Download the Baljuvon to Sari Khosor GPS track here.
The Gaz-66 took 2 hours and 15 minutes to get from Baljuvon to the town of Sari Khosor. The distance was 32 kilometres. In reverse, the drive took 3 hours and 15 minutes as the driver took detours to pick people up off of the main road. We also waited for people who weren’t ready. We also stopped for a prayer break. But we made up the time when we raced another Gaz-66 (first truck gets the passengers waiting on the roadside). It was fun or terrifying, depending on your idea of fun. Note that the presence of the other truck was unexpected, but that sometimes other trucks will be travelling up and down the valley and will gladly pick up paying passengers.
In reverse, when we arrived in Baljuvon from Sari Khosor, there were drivers waiting with shared cars going to Qurghonteppa (Kurgan) and to Danghara. If you don’t find any cars where the Gaz-66 stops, then walk into the town of Baljuvon where you will find drivers at a crossroads (it’s a small town). If you are going to Dushanbe or Kulob, you can transfer in Danghara (here, probably: 38.09404,69.33783 If not, just ask a local). You can also easily find a car in Danghara that is going to Qurghonteppa.
There is mobile phone reception in the Sari Khosor valley, but do data. So you will be without mobile internet.
There is no special permission needed to visit the Sari Khosor valley. There is no fee.
Speaking Tajik would be really helpful in Sari Khosor. You can survive with Russian. With English only you will struggle.
This is a very wild place. There are bears, wolves and wild boars. The bears are OK, the wolves are worrisome, and the wild boars are terrifying. A local man was killed in recent years by wild pigs.
YOU CANNOT HITCHHIKE. There are no free rides here. People here are poor, and they need the money. They may try to refuse money, but tis is just a game where they refuse and you insist and then eventually they take the money.
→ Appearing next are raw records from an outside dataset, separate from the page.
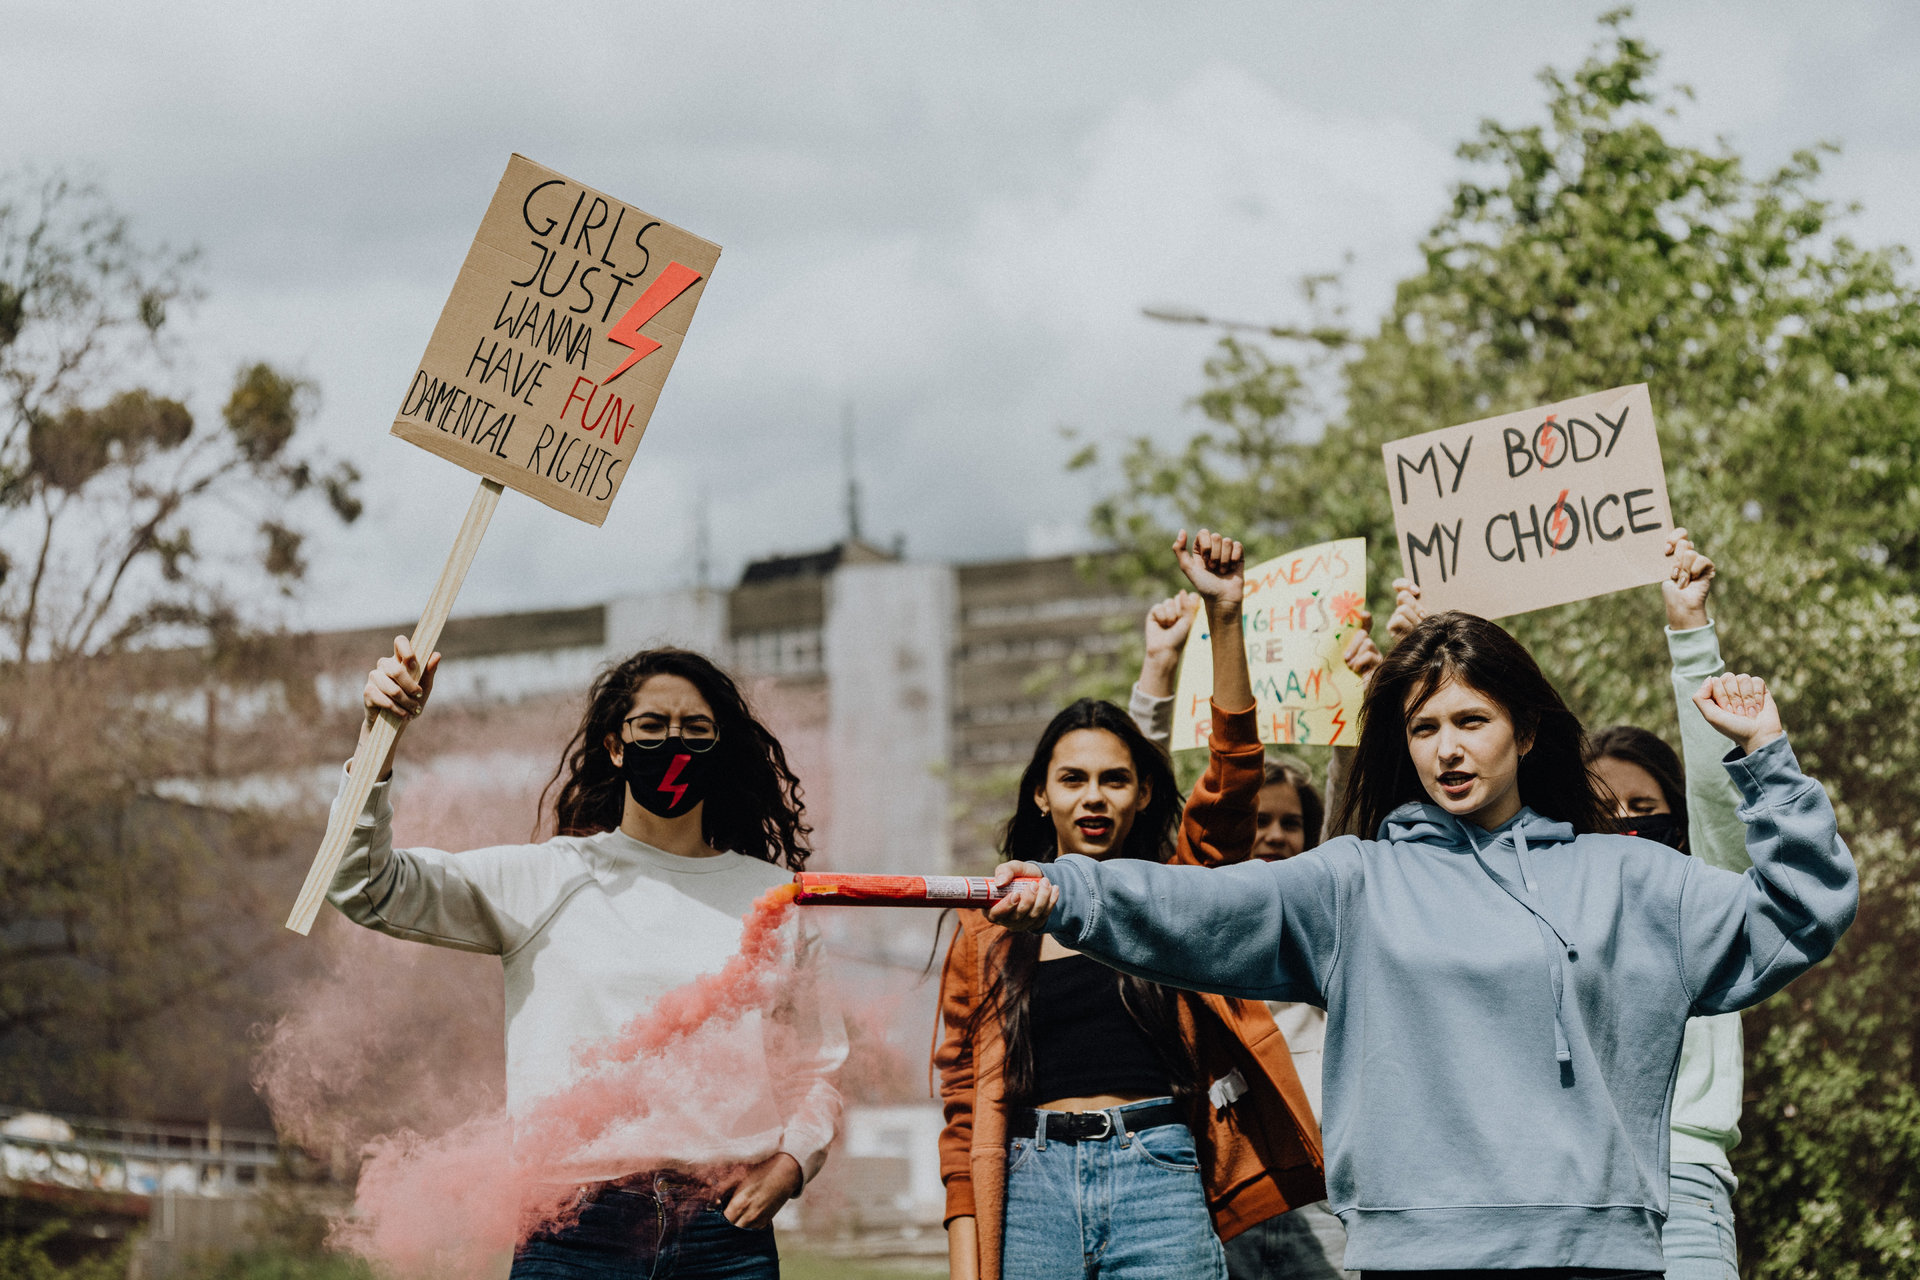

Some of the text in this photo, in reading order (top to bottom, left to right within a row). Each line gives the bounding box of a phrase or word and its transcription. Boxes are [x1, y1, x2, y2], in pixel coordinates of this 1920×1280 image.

[523, 180, 661, 278] GIRLS
[511, 240, 634, 322] JUST
[494, 291, 592, 371] WANNA
[401, 370, 622, 501] DAMENTAL RIGHTS
[466, 337, 635, 445] HAVE FUN-
[1397, 406, 1629, 505] MY BODY
[1407, 488, 1662, 587] MY CHOICE
[1242, 597, 1330, 637] IGHTS
[1249, 638, 1283, 664] RE
You can camp anywhere. Ask local people if you can camp in their field or orchard, or just find an isolated spot. They are very, very friendly. And there is no concept of “trespassing.” Just be respectful (dress conservatively in people’s homes, if near a village you should ask to use an outhouse toilet – don’t go in a field or orchard, etc.). Remember to leave gates the way you found them: close the gate if it was closed, leave it open if it was open. The gates are not to keep you out, they are to keep livestock and animals in or out.
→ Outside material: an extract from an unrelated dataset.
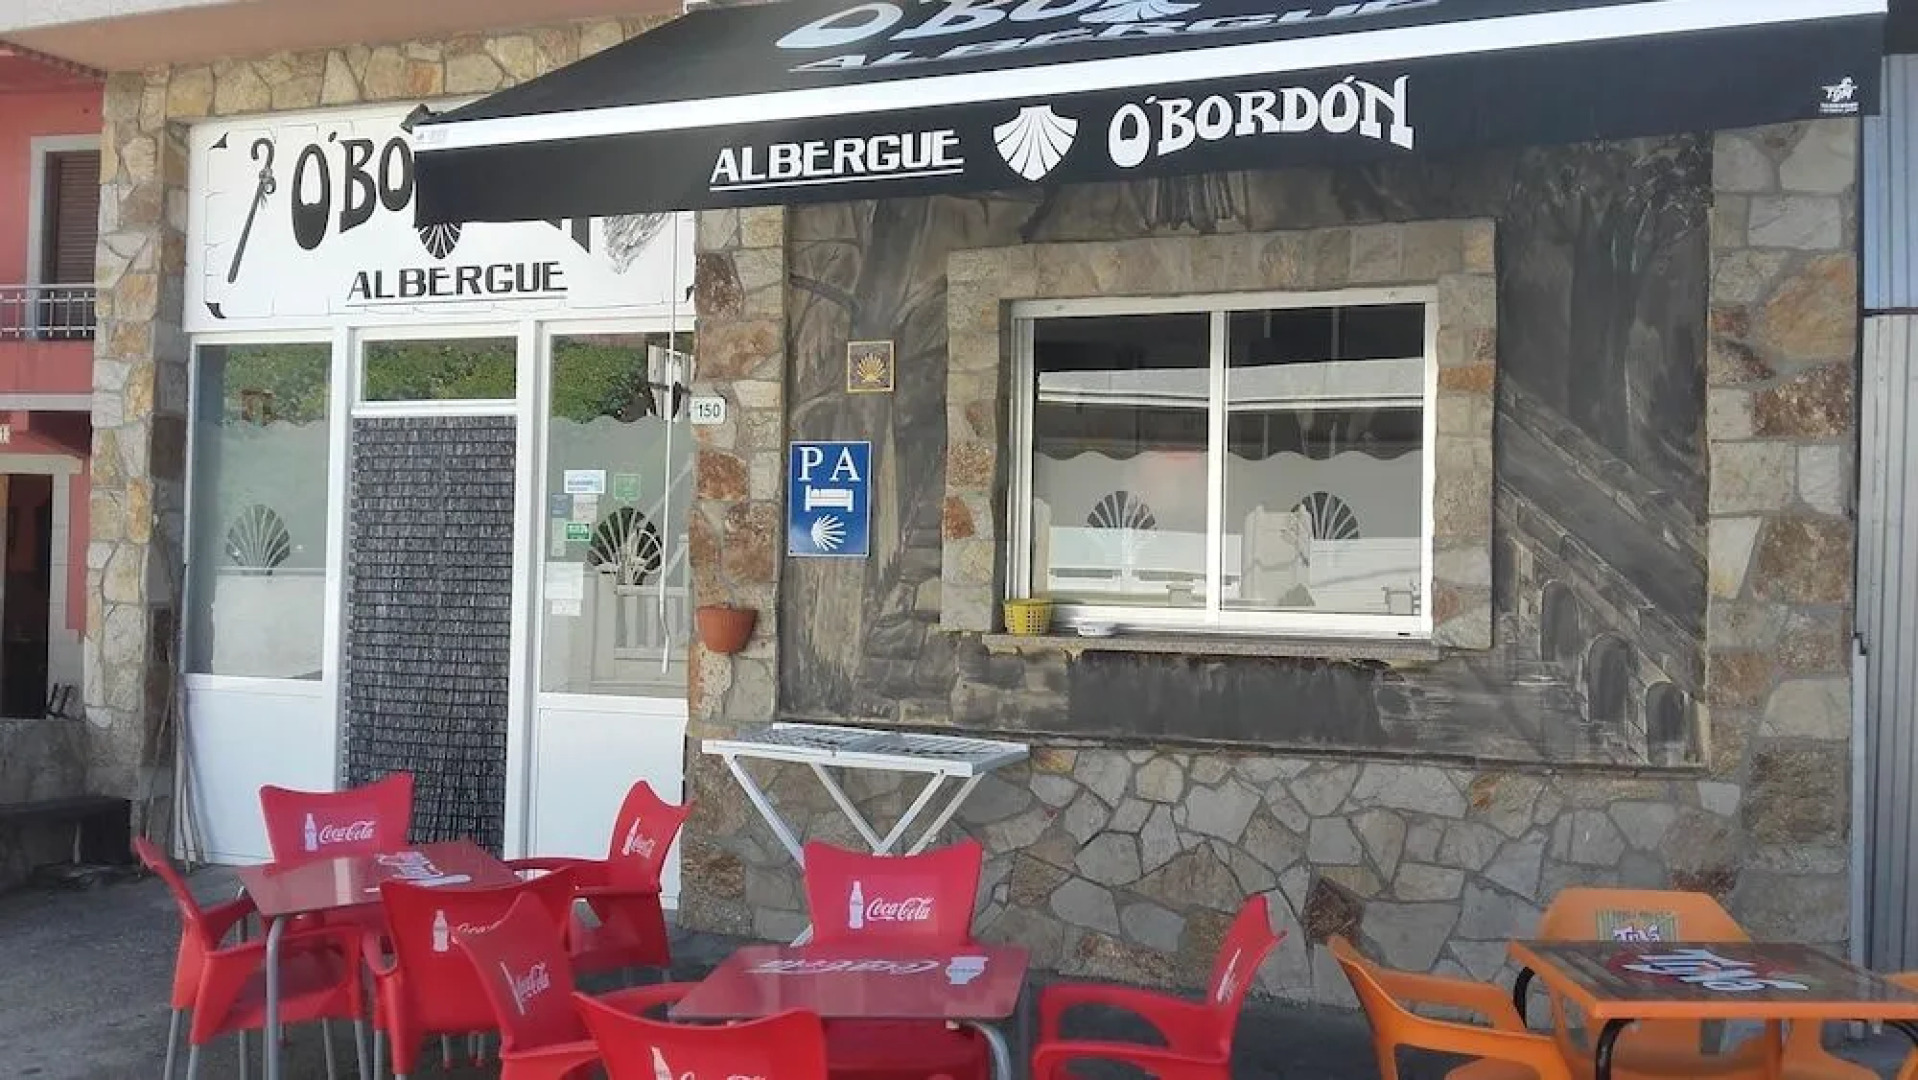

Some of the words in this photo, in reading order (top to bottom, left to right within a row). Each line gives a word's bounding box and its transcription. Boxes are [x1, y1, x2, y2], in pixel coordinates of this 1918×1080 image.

There are a couple of stores (magazins) in the town of Sari Khosor. But nothing else in the valley. Bring your own food. Don’t drink from the main river without adding a water purifier. The springs that you can drink from will be obvious: people have usually affixed a pipe.
We had no problems with electricity from Summer until mid-October. We saw lights on in every village.
The government and maps insist on referring to the main river through the Sari Khosor Valley as the Shurobdaryo (literally, salty water river). However, locals call it the Surkhob (red river). The government likely renamed it so that it won’t be confused with the much larger Surkhob river in the Rasht Valley. The Shurobdaryo is a smaller tributary far up the Sari Khosor Valley.